No hint of a question.

No room for choice.

Just tells me to choose paper.

In a millisecond, I think I really want plastic because it is easy to carry.

Yet, I reason that I could use the paper because I need some paper sacks to carry newspapers to the recycling center.

Everyone knows plastic doesn’t biodegrade.

Jason stares.

I have not answered.

Intimidated, I reply, “Paper, yes, that would be great.”

I am too afraid or embarrassed to say “Plastic.”

I move on with my stop-and-go errands.

First of all, I hate going from place to place these days, and I must admit the reason used to be boredom; now it is, frankly, aging.

Silent scream!

Start the car, always buckle the seatbelt even though the arthritis in my left hand is killing me, can’t make the left-hand turn into oncoming traffic, decide to back up and go through the shopping center parking lot to find an easier way out.

Ya Da Ya Da Ya Da.

Finally in traffic, I decide I need a break and a coffee.

Ordering used to terrify me at this world-renowned coffee store or any coffee shop for that matter.

Now, I have my own card.

Just one swipe and I can add money; order a lemon bar and a tall, leave-room-for-skim, exotic African coffee.

On a hot day, I will daringly order a grande caramel frappechino with whipped cream and a third shot of Espresso.

On a cold day I can now order a venti caramel macchiato with the best of them.

My friend Beth cannot, but she’s getting the hang of it.

My ordering skills surely impress nearby teenagers who were previously thinking I might be seriously “cool” challenged.

Such a checkout I can handle.

Advice to all novices– you must order extremely fast and speak your menu choice with conviction and rattle on as though you are fluent in the coffee shop language.

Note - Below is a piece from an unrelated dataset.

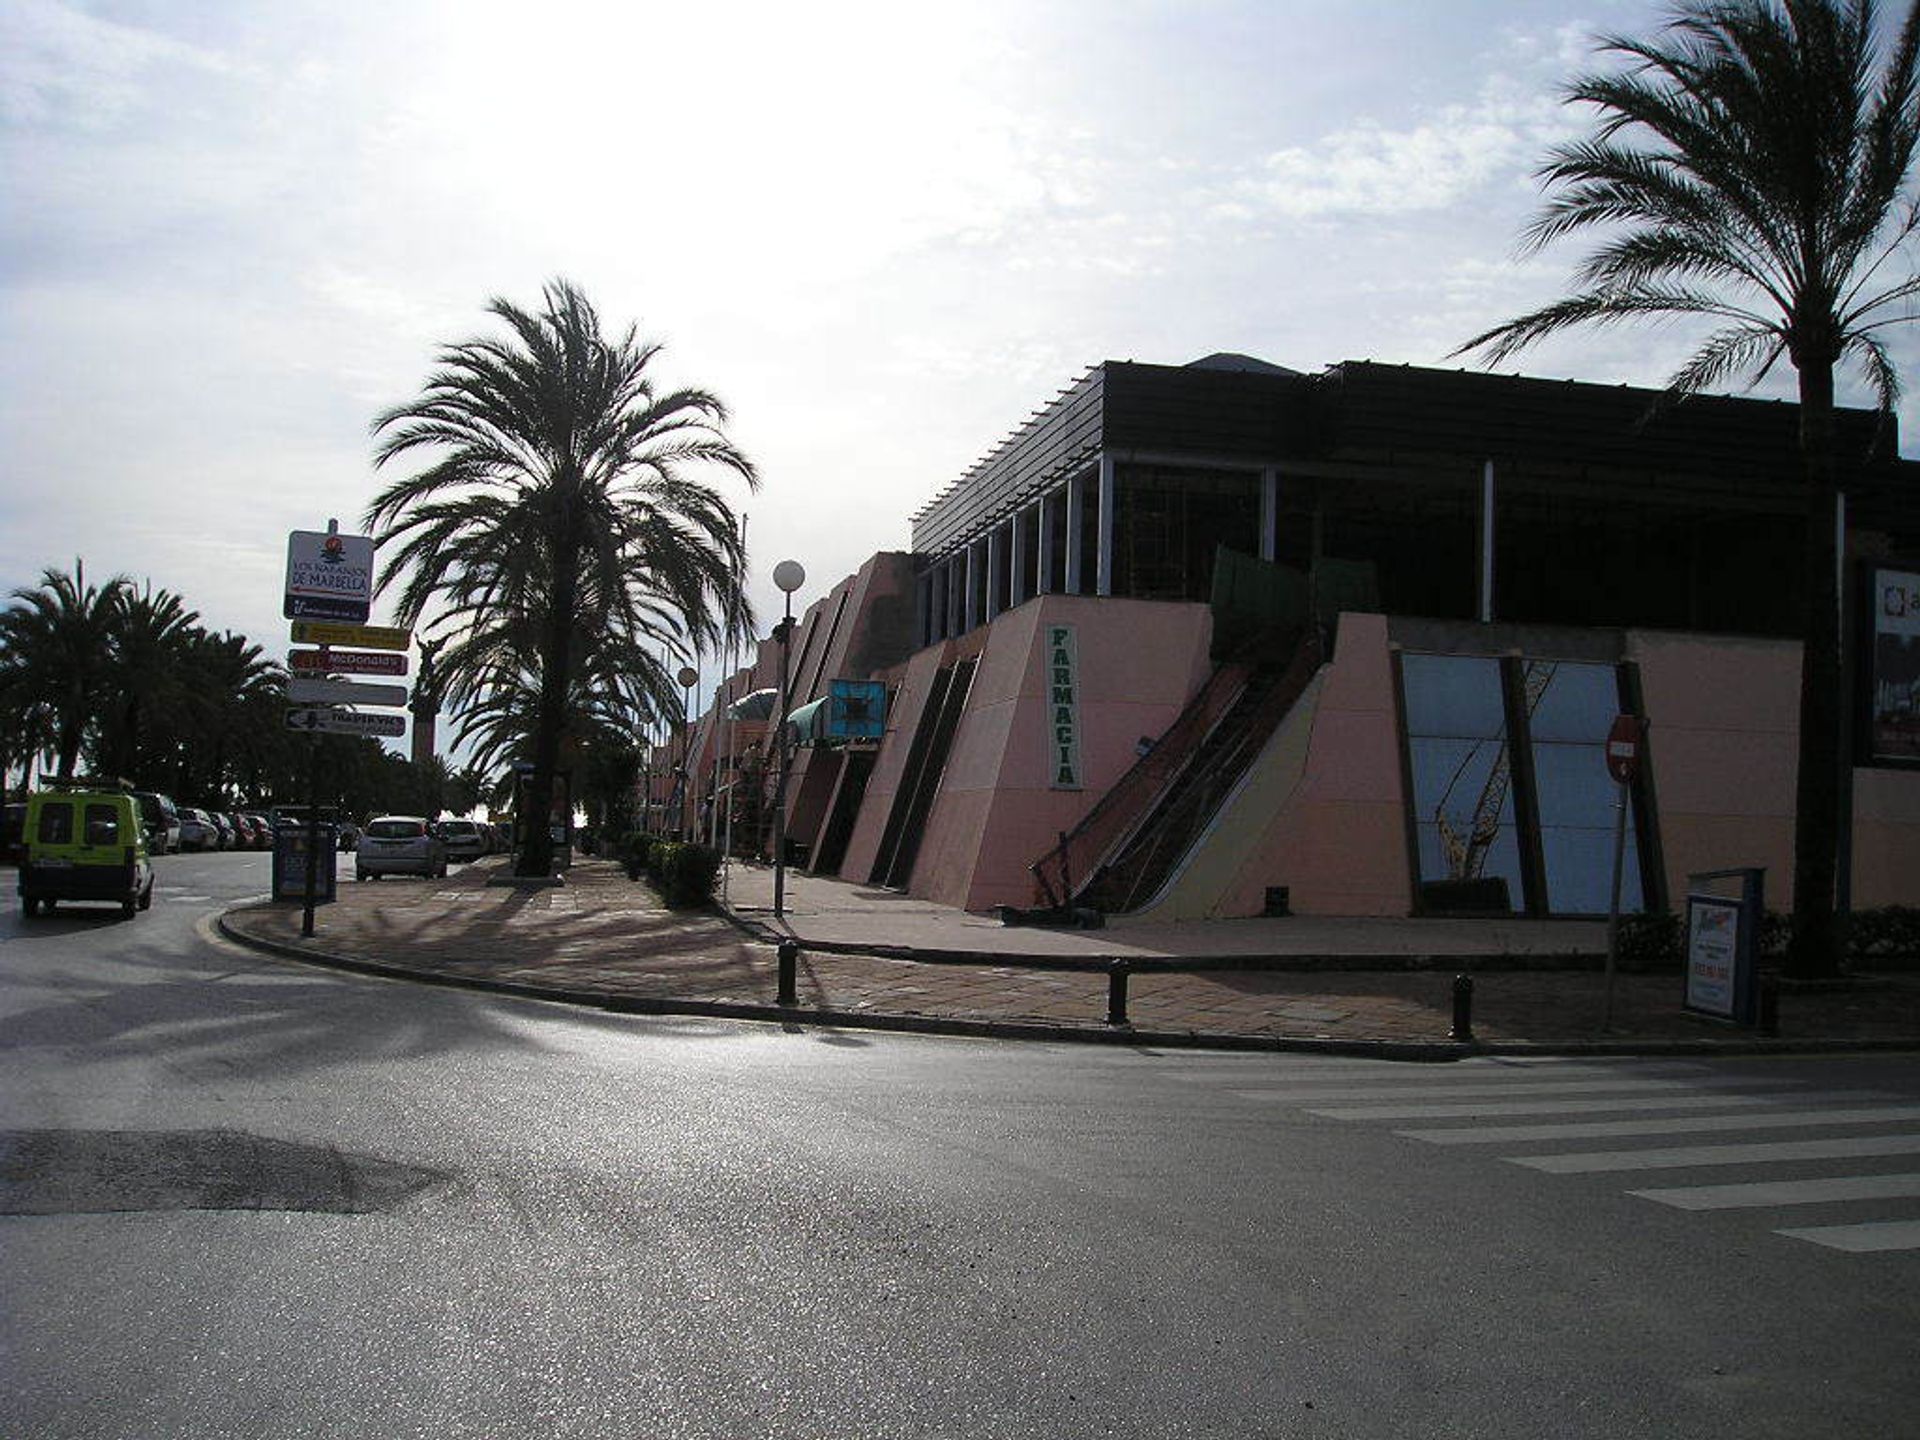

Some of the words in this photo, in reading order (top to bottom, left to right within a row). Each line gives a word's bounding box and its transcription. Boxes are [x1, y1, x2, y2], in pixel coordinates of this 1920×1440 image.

Next — tackling the big guy of shopping, “the great who-ha”, the discount store.

Is it just I, or does it bother you, too, to be greeted by these bubbly, cheerful seniors?  What is worse is with each passing day, I am one of them.

They work hard at second careers in retirement years, I understand, but they still send shivers down my spine.

I do not want cheerful right now, and another thing, I do not want to be one of them. Is this my future?

I just got inside the door, and I am already in trouble.

Can’t get the carts apart.

Someone has to help.

A sweet 81-year-old greeter comes over and easily separates them.

I swear I cannot.

It is the arthritis in my wrist, you understand.

Miffed and baffled, I wonder, “How did she do that?” Is it possible she does not have “Arthur” and I do?

Anyway, on with the shopping.

No problem with this.

I can find most everything, but it is time to check out once again.

Now this is tough.

Looming before me are choices…12 items or less, 20 items or less, regular checkout where there are no visible checkers anywhere around, and long lines at checkout 13.

I could try the service counter, but that only works in small discount stores. Counting my items hurriedly, I decide I can make a run at the 12 or less counter.

I hope the checker does not realize I have 15 items.

He doesn’t and I make it fine.

Swipe the debit card and expertly get cash back.

Cool, indeed.

Wish those teenagers could see me now.

Make it to my car and almost into traffic when I realize I left one sack behind. They have that spinning thing with the sacks hanging from a rack. It always hides one on the backside.

Ok, so that checkout wasn’t exactly a success.

With my last sack back in tow, I finally head home, now far too tired to make dinner.

Designed for our convenience, fast food establishments abound. Naturally, it is so easy to detour through the sub shop, and tell myself that has got to be good enough.

One more checkout, pay for the sandwiches and I am “home free.”

“That will be $17.53 please.”


I swipe my Starbucks card; pull out leaving the girl at the sub shop drive-through holding my sack of food, and move carefully into traffic.

Now, I am muttering out loud, sounding frighteningly like George on Seinfeld.  Really, I promise, I could do this once, and I didn’t used to mutter either.